Records for this exercise Block Start

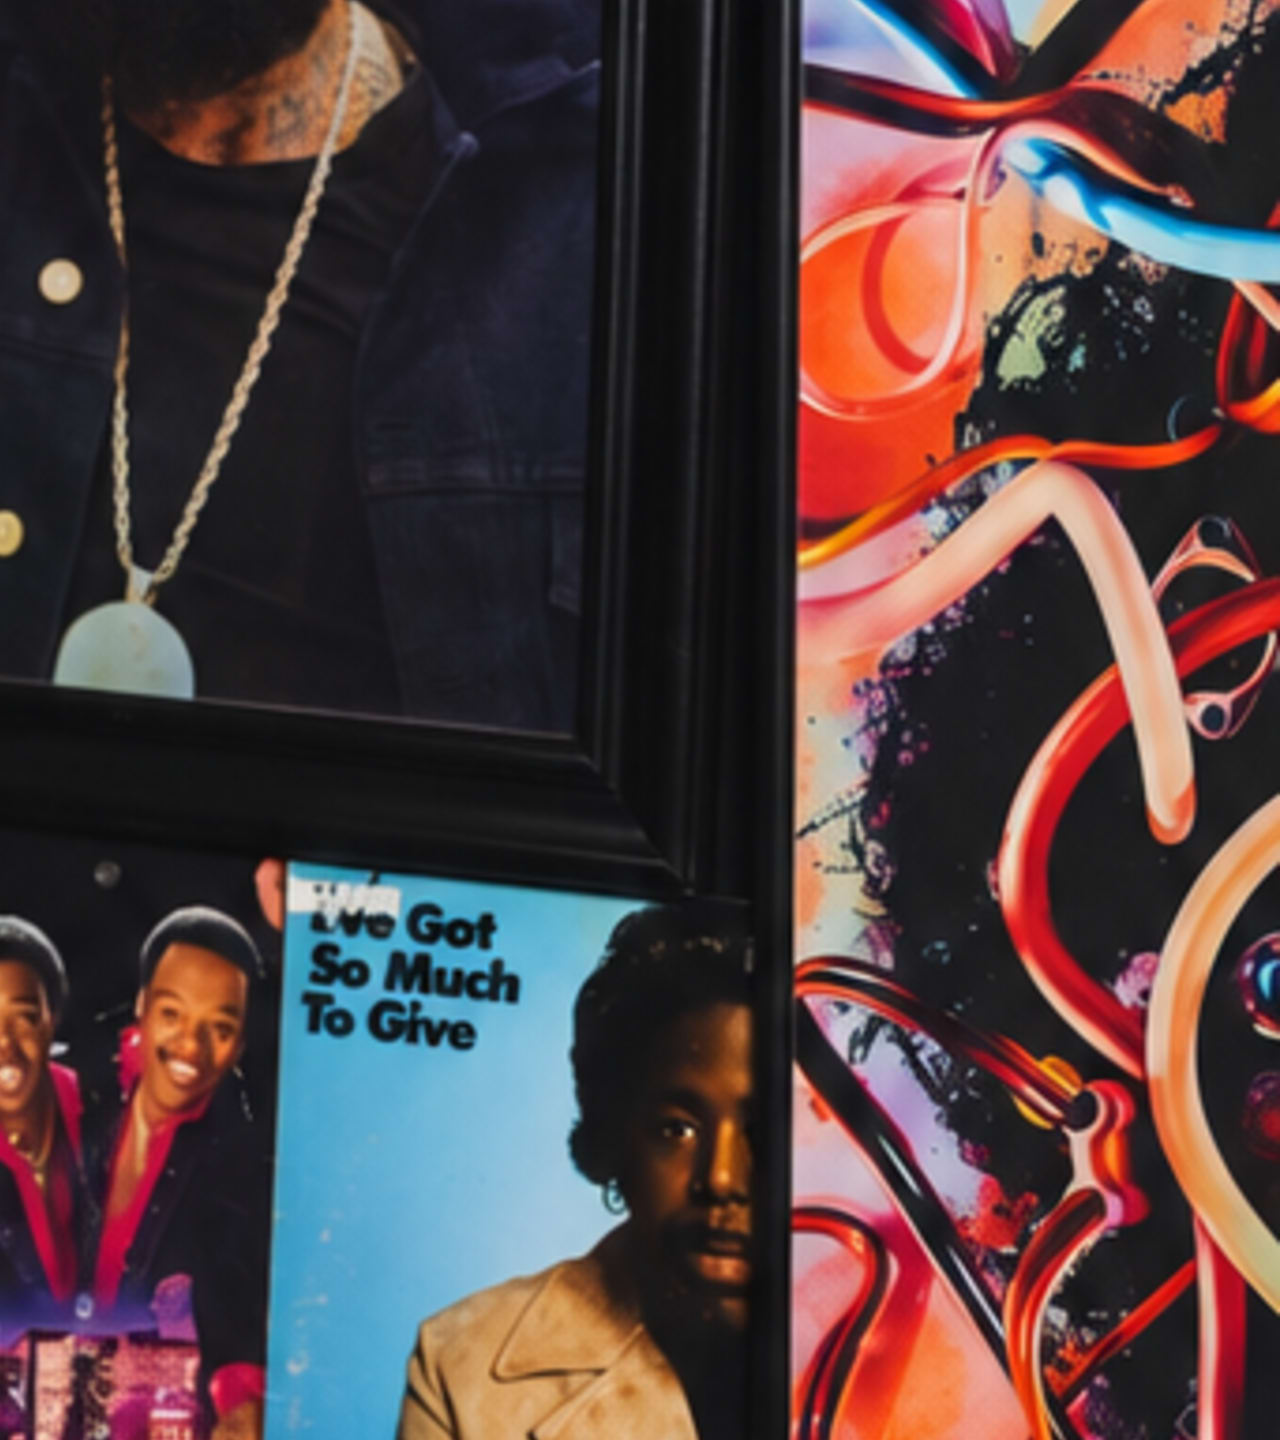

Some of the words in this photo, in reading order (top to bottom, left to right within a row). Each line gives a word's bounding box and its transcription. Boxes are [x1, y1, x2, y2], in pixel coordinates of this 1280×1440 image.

[405, 901, 497, 950] Got
[308, 942, 371, 989] So
[383, 949, 521, 1005] Much
[300, 990, 356, 1038] To
[366, 998, 478, 1051] Give

Records for this exercise Block End

● **Work item**
Skip the images and write out the rest of the listing exactly.

● **Answer area**
Some of the words in this photo, in reading order (top to bottom, left to right within a row). Each line gives a word's bounding box and its transcription. Boxes are [x1, y1, x2, y2], in pixel coordinates of this 1280×1440 image.

[405, 901, 497, 950] Got
[308, 942, 371, 989] So
[383, 949, 521, 1005] Much
[300, 990, 356, 1038] To
[366, 998, 478, 1051] Give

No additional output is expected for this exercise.